Stability analysis was carried out to understand the four‐way interaction and how it varies among the seven site‐years of the study. This enabled us to determine which treatment combination is consistently high yielding under varying environmental conditions and which one is most low yielding under many conditions. Among the seven site‐years (seven environments), Carman 2015, Carman 2016, Goodale 2018, and Kernen 2018 were identified as unfavorable environments with seed yields of 6.9, 9.2, 15.7, and 20.2 bu/ac, respectively. The favorable environments were Kernen 2015–2017 with mean yields of 27.2, 37.0, and 32.3 bu/ac, respectively (Figure 1). The combination of moderate density, wide‐row spacing, 130% N, and fungicide application (MD‐WR‐HN‐FA) had overall high yields and also showed the lowest variability among all treatments based on yield stability indicators. Further, it was grouped in Zone IV of the yield stability diagram (Figure 1), meaning high yield and high stability. The highest‐yielding treatment averaged across all environments (MD‐NR‐HN‐FA) also had a high rank under favorable environments but did not rank highly under overall environmental conditions, and it was grouped in Zone I (Figure 1). Some other treatment combinations such as LD–NR–LN–FA, LD–NR–HN–FA, and MD–WR–HN–FA (Treatments 2, 6, and 16; see Table 1 for abbreviations) were also located in Zone IV (high yield and high stability zone), indicating high productivity and stability. The two low‐yielding combinations (LD‐WR‐HN‐NFA and MD‐WR‐LN‐NFA) were found to have low stability as they appeared in Zone I of the yield‐stability joint plot (Figure 1).

Conclusions

Flax response to different agronomic practices was highly variable, depending on the environmental conditions. Across all treatment combinations, the high N treatment and fungicide application were the common factors underlying both stability and productivity. However, seeding density and row spacing effects varied under different environmental conditions. The optimum combination with moderate density, narrow row spacing, high N fertilizer, and fungicide application had high mean yields but was not productive under low‐yielding environments. Thus, this study confirms that in most favorable growing conditions, increasing the seeding rate and reducing row spacing can provide a yield benefit, but it has to be supplemented with an increase in N and the application of fungicides.

References

Cross, R.H., Mckay, S.A.B., McHughen, A.G., & Bonham‐Smith, P.C. (2003). Heat stress effects on reproduction and seed set in Linum usitatissimum L. (flax). Plant, Cell & Environment, 26, 1013–1020.

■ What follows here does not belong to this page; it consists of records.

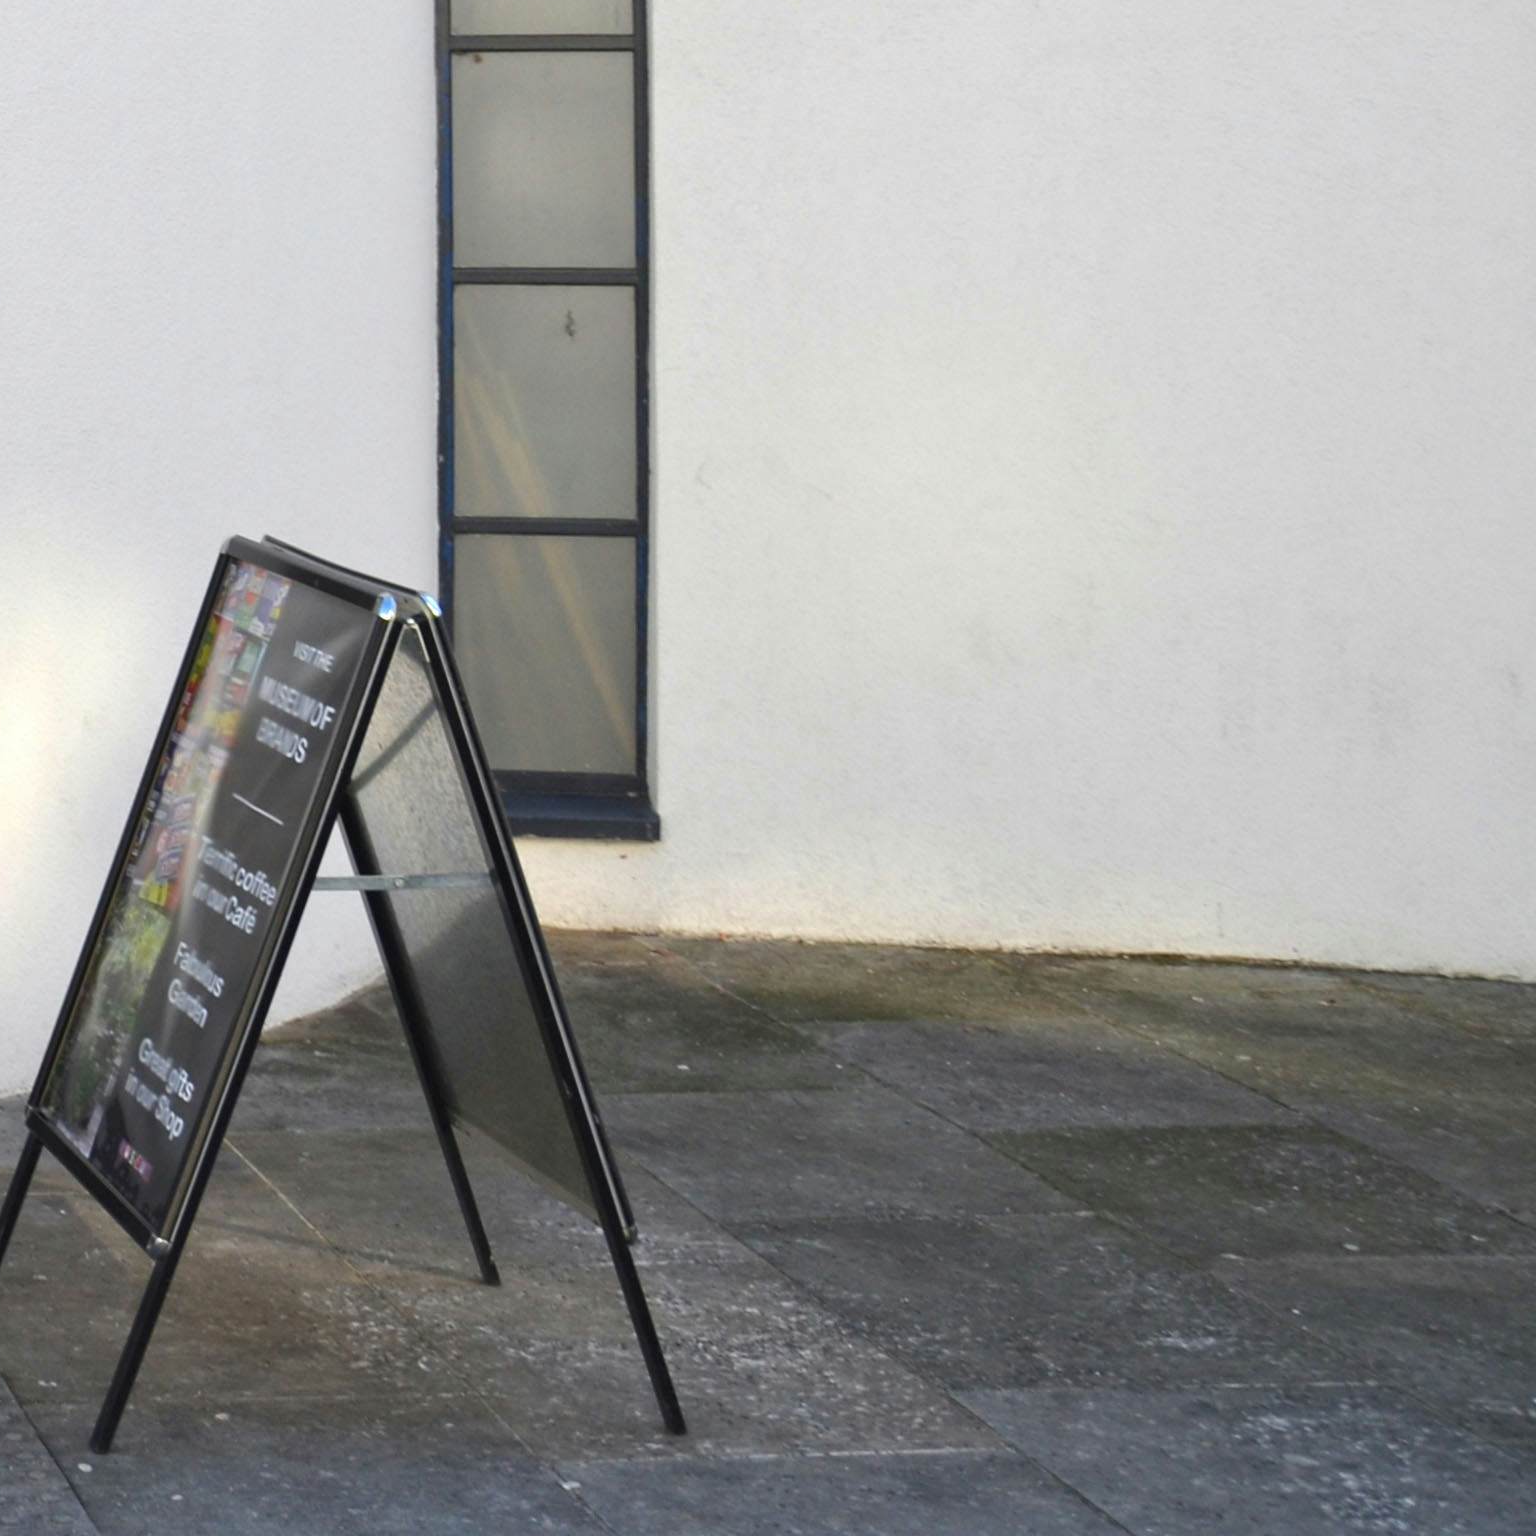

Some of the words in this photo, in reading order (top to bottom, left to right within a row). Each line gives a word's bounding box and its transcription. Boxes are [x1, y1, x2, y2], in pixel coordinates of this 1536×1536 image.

[313, 648, 336, 674] THE
[258, 675, 318, 723] MUSEUM
[310, 702, 336, 731] OF
[256, 716, 308, 764] BRANDS
[198, 834, 239, 882] Terrific
[234, 867, 277, 906] coffee
[192, 874, 209, 901] in
[206, 887, 229, 915] our
[224, 895, 258, 935] Café
[168, 977, 208, 1028] Garden
[138, 1037, 173, 1083] Great
[166, 1067, 195, 1103] gifts
[124, 1066, 139, 1097] in
[135, 1082, 158, 1112] our
[154, 1094, 185, 1141] Shop

Culbertson, J.O. (1954). Breeding flax. Advances in Agronomy, 6, 174–178.

Flax Council of Canada. (2019). Growing flax production management and diagnostic guide. Saskatchewan Flax Development Commission.

Indian Head Agricultural Research Foundation (IHARF). (2016). Indian Head Agricultural Research Foundation Annual Report 2018. IHARF.

Kurtenbach, M.E., Johnson, E.N., Gulden, R.H., Duguid, S., Dyck, M.F., & Willenborg, C. J. (2019). Integrating cultural practices with herbicides augments weed management in flax. Agronomy Journal, 111(4), 1904–1912.

Lafond, G., Irvine, B., Johnston, A.M., May, W.E., McAndrew, D.W., Shirtliffe, S.J., & Stevenson, F.C. (2008). Impact of agronomic factors on seed yield formation and quality in flax. Canadian Journal of Plant Science, 88, 485–500.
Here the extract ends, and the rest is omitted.